Mrs. Willis cleared her throat. I could tell she was enjoying the surprises.
“Queen Essie,” she said. The girls in both groups nearly fainted and the boys started whistling and cheering. I began to look around for Queen Essie. Suddenly it struck me that I was Queen Essie. “The boys picked me?” I thought, with my mouth wide open.
“Queen Essie, we’re waitin’,” Mrs. Willis said, smiling.
“You mean me?” I said, poking myself in the chest.
“You’re Essie, ain’t you?” Mrs. Willis said.
As I started to get up and the boys began to whistle even louder, I realized I had on those tight jeans. So I sat right back down in my seat. One of the fast girls who didn’t like me whispered from behind me, “ ’Shamed to show that ass now, Moody?” I felt like spitting in her face, but instead I got up and purposely swayed my ass all the way up to Mrs. Willis’ desk. The boys were going crazy, whistling all over the place. Mrs. Willis was laughing like she got a big kick out of the whole thing.

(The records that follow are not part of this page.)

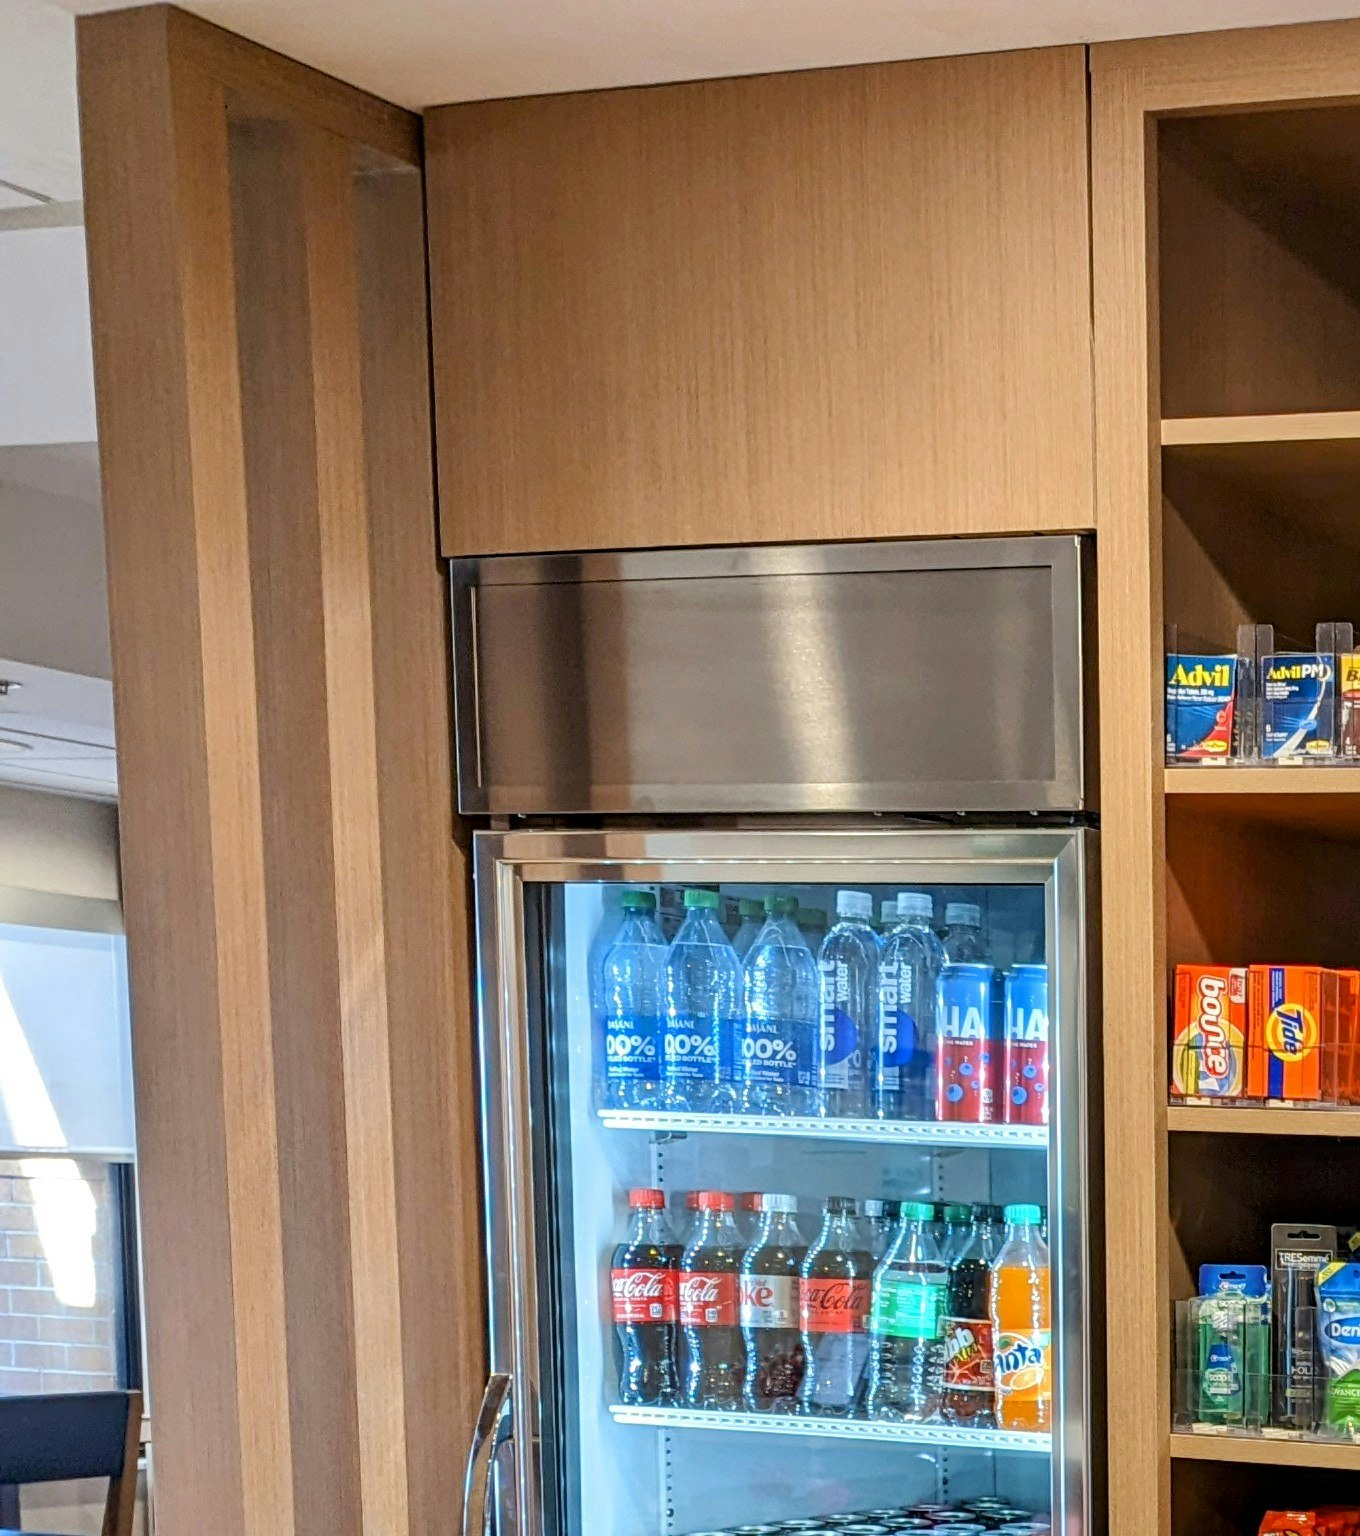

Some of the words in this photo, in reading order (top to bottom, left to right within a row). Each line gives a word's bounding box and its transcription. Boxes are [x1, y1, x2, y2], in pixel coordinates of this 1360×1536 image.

[1172, 663, 1230, 687] Advil
[1266, 665, 1301, 680] Advil
[1200, 976, 1228, 1078] bounce
[1276, 1008, 1304, 1056] Tide
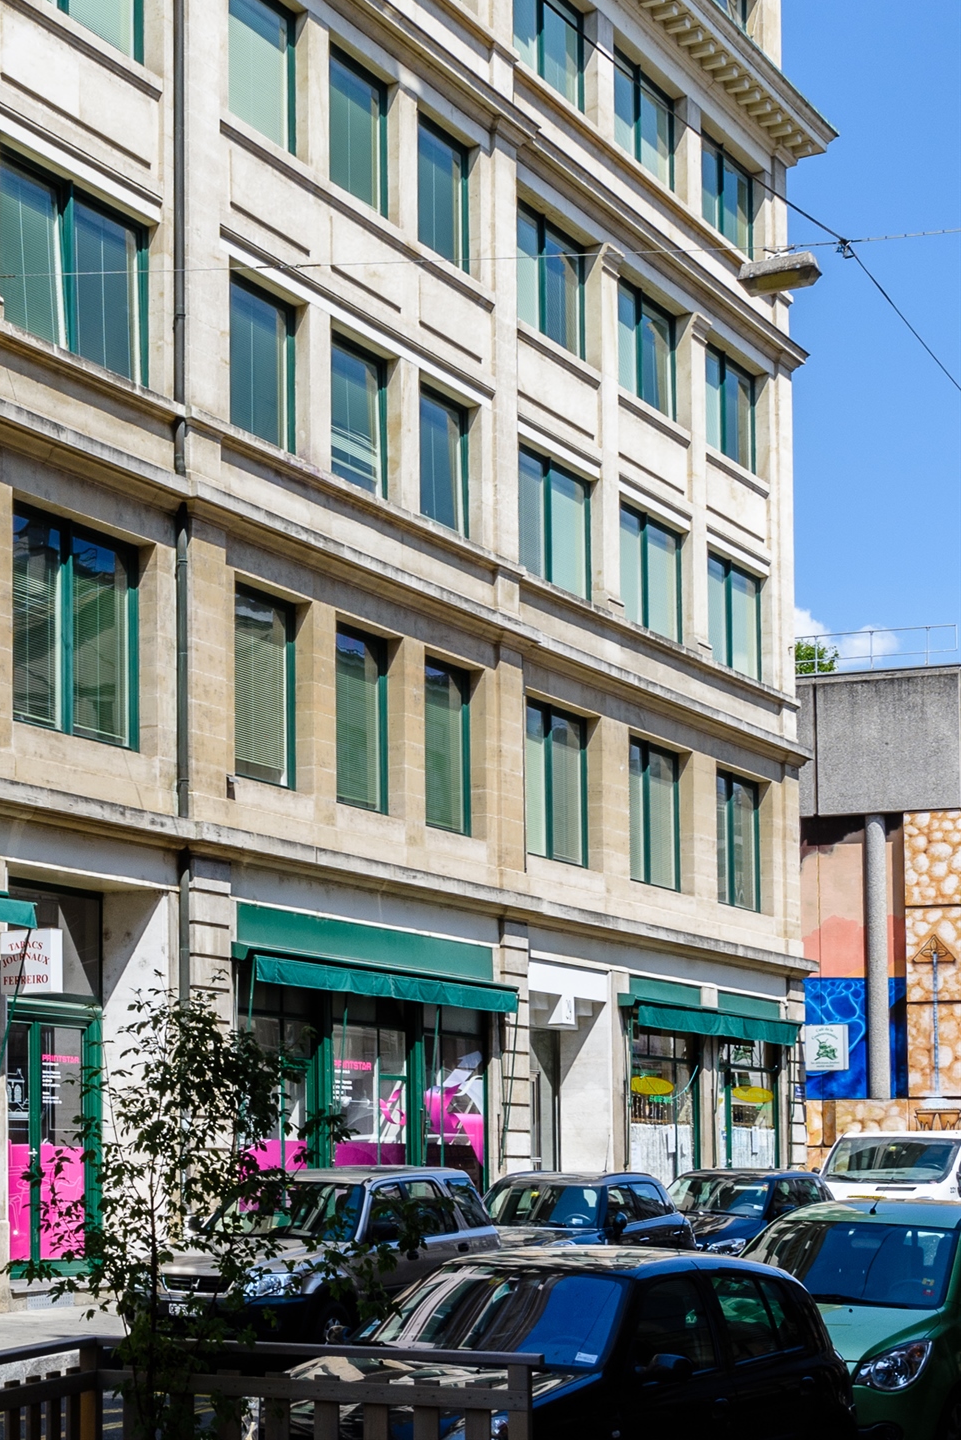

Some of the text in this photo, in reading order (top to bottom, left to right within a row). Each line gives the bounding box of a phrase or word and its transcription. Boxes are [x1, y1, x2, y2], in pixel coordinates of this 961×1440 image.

[8, 940, 44, 951] TABACS
[2, 952, 50, 968] JOURNAUX
[3, 974, 49, 986] FERREIRO
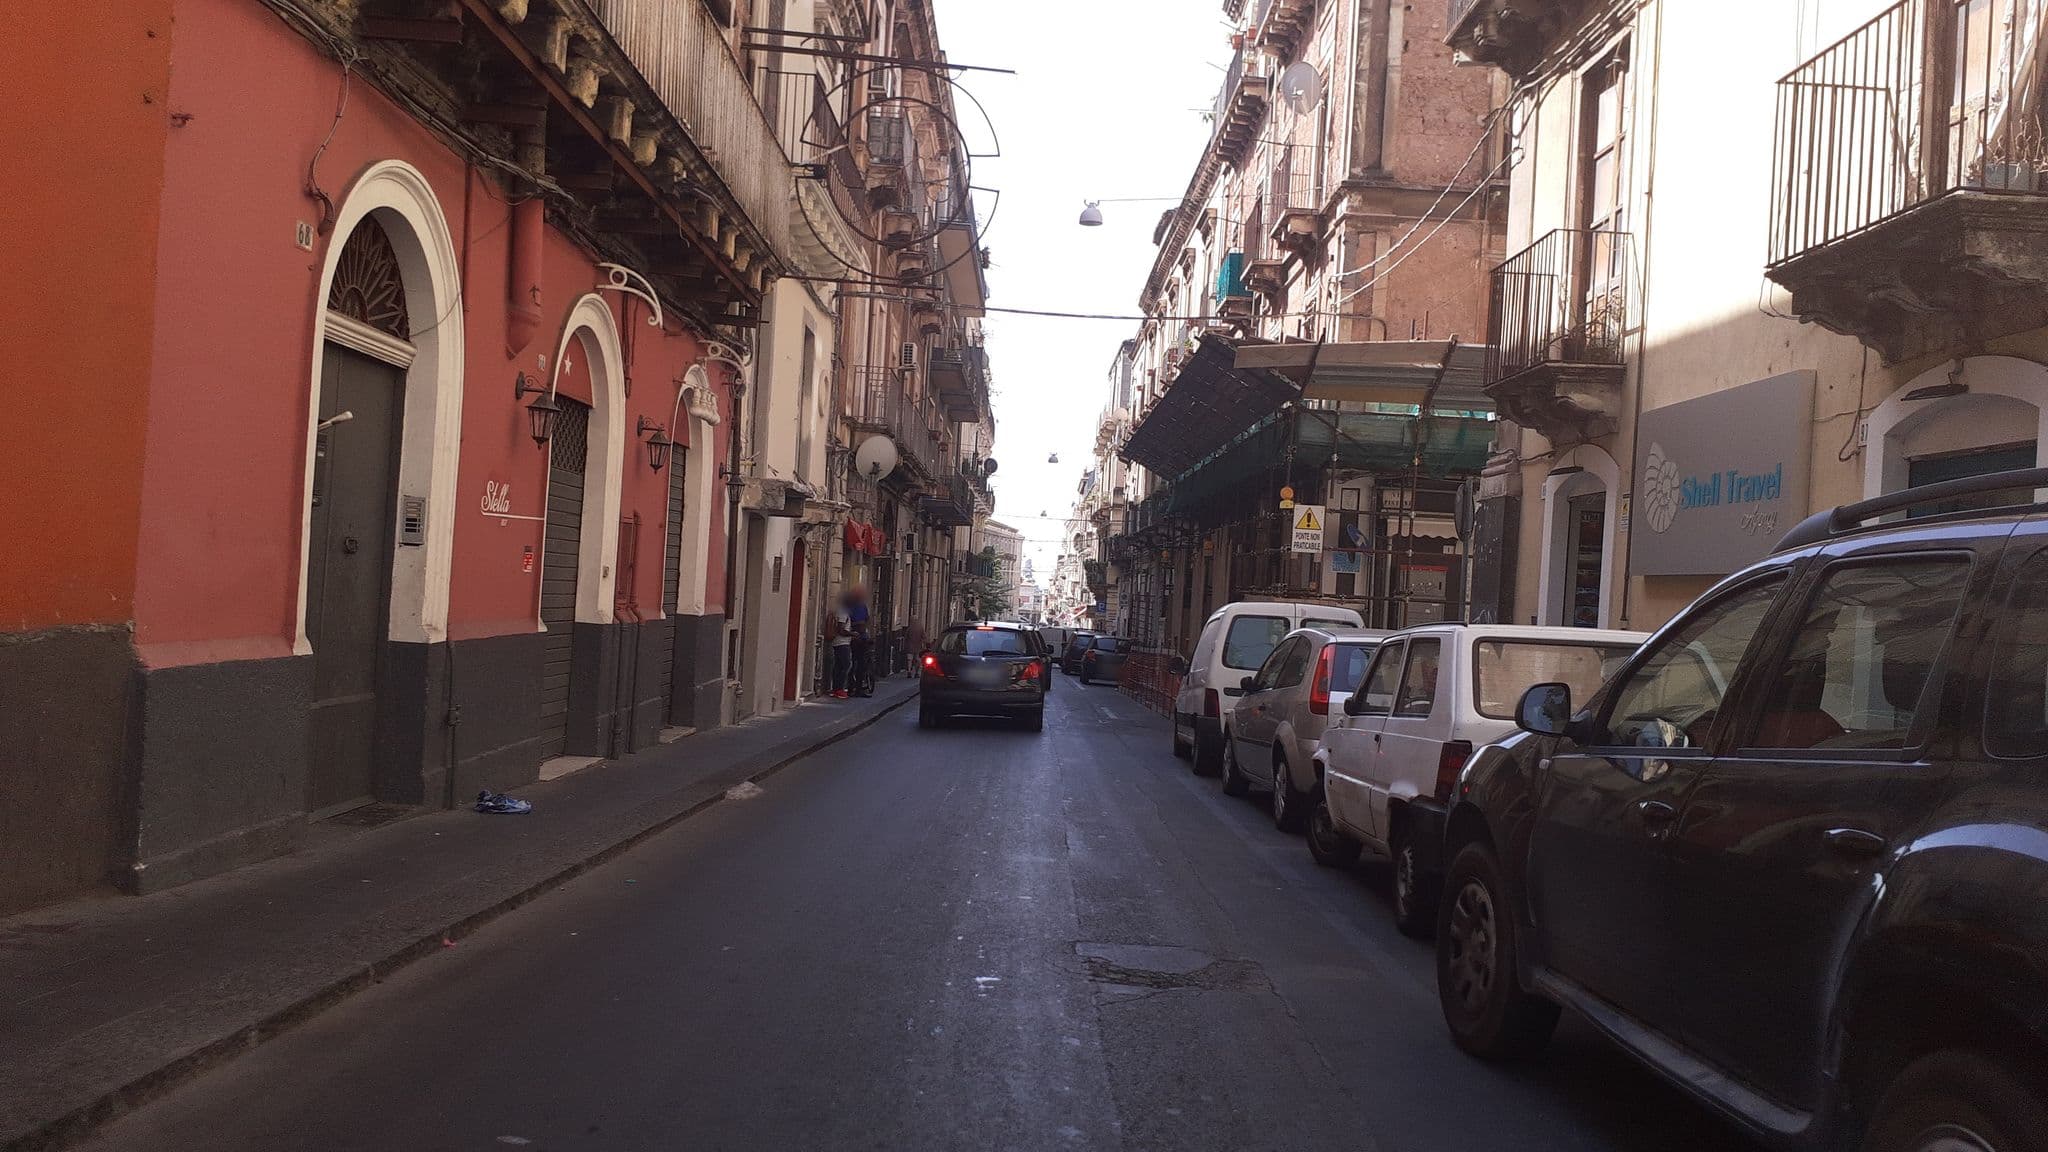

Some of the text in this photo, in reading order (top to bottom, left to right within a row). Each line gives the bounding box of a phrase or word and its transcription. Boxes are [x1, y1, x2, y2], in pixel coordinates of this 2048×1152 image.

Now that the three of us were standing by Mrs. Willis’ desk, she asked for a “standing vote,” but it went on so long without a clear majority that Mrs. Willis decided to have a money-raising contest among the three nominees and their backers. We were given three weeks. So for the next three weeks we went around on campus selling popcorn, hot dogs, candied apples, and all kinds of stuff. Dorothy and her gang put on a big act like they were raising millions of dollars. The act was so good that Amanda and her group fizzled out, but I knew it was only a bluff because if Dorothy’s gang were really raising lots of money they wouldn’t have talked about it so much. Besides, I knew we had an advantage because most of the boys worked after school, and so did I, and we put every penny we made into buying and selling. When the three weeks were up, we had raised fifty dollars more than the other two groups put together, and I became the eighth grade’s Homecoming Queen. Mrs. Willis and the whole class now worked to make me queen of the whole school.